• [Supplied records]
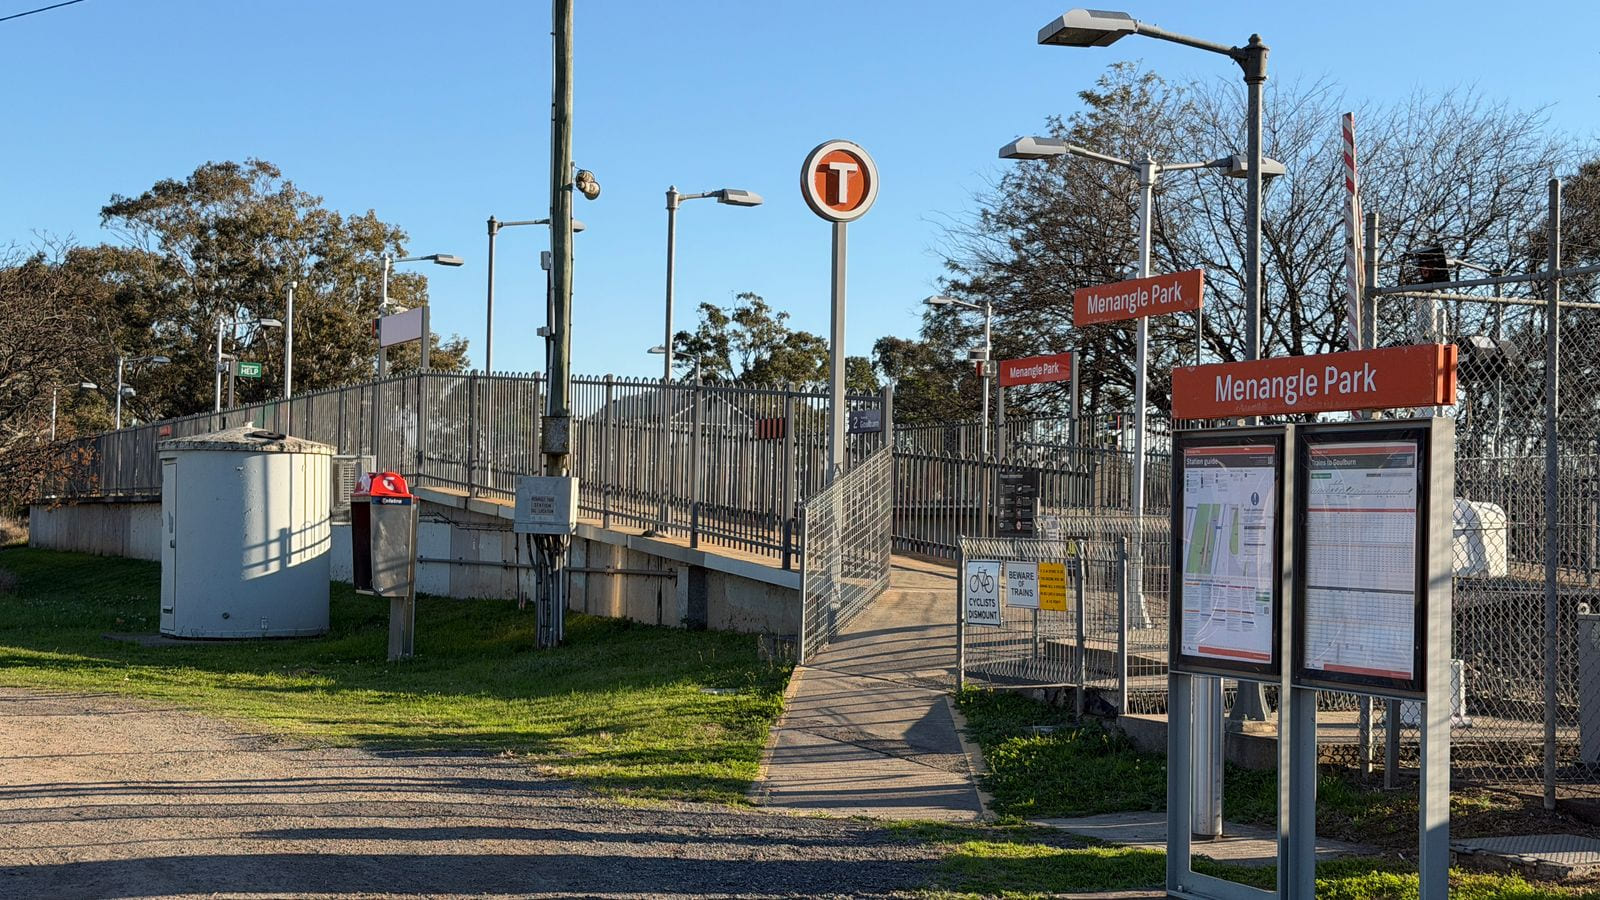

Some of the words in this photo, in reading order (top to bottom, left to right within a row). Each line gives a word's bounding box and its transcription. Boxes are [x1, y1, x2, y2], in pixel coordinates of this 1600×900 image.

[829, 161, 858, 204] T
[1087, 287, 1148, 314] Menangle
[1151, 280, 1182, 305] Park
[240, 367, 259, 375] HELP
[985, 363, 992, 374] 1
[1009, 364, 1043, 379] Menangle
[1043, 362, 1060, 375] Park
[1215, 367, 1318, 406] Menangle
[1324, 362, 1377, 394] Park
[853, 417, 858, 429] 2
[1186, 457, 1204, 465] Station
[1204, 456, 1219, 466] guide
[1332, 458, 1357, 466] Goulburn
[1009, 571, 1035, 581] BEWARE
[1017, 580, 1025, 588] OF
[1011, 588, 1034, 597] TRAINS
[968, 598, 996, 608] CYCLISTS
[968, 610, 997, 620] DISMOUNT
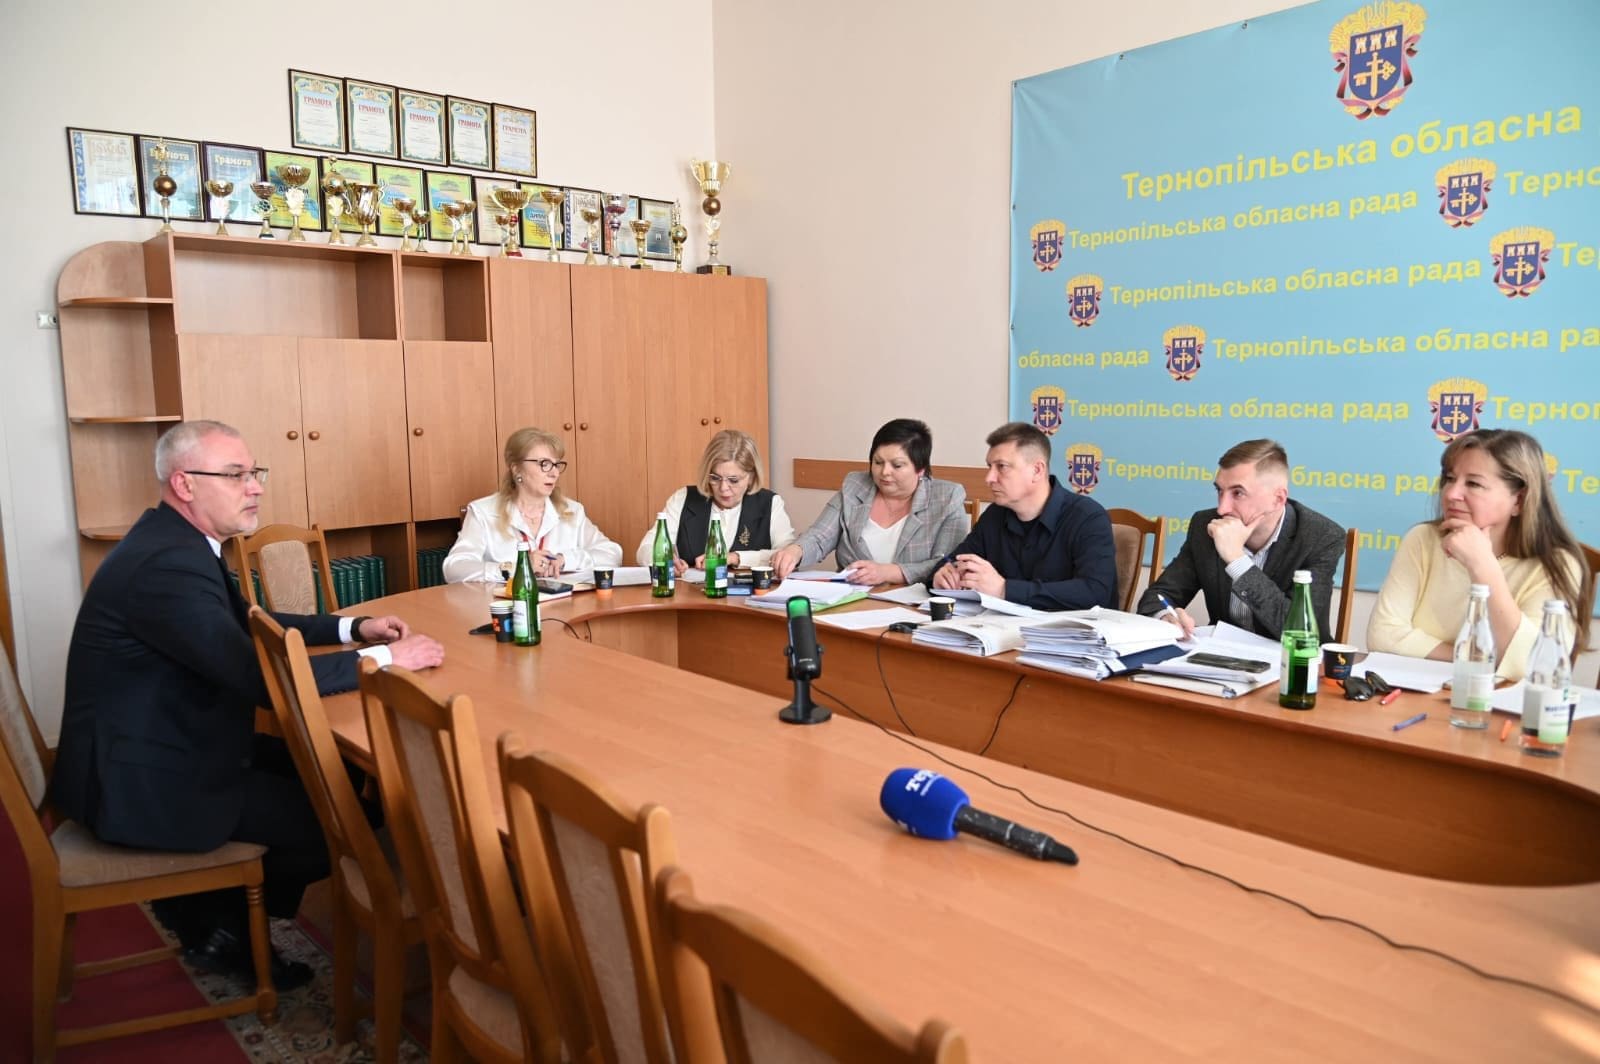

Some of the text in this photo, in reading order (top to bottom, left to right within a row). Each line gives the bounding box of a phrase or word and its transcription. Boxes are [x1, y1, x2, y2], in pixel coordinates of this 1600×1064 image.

• [What to work on] Everything in the listing should be copied exactly, apart from the images it holds.

• [Answer area]
Some of the words in this photo, in reading order (top to bottom, left to right within a row). Each line gives a word's bounding box and its transcription. Boxes are [x1, y1, x2, y2], in pixel coordinates of this 1600×900 image.

[829, 161, 858, 204] T
[1087, 287, 1148, 314] Menangle
[1151, 280, 1182, 305] Park
[240, 367, 259, 375] HELP
[985, 363, 992, 374] 1
[1009, 364, 1043, 379] Menangle
[1043, 362, 1060, 375] Park
[1215, 367, 1318, 406] Menangle
[1324, 362, 1377, 394] Park
[853, 417, 858, 429] 2
[1186, 457, 1204, 465] Station
[1204, 456, 1219, 466] guide
[1332, 458, 1357, 466] Goulburn
[1009, 571, 1035, 581] BEWARE
[1017, 580, 1025, 588] OF
[1011, 588, 1034, 597] TRAINS
[968, 598, 996, 608] CYCLISTS
[968, 610, 997, 620] DISMOUNT

Some of the text in this photo, in reading order (top to bottom, left to right within a row). Each line gives the bounding box of a phrase or word and its transcription. Boxes are [x1, y1, x2, y2], in pixel coordinates of this 1600×1064 image.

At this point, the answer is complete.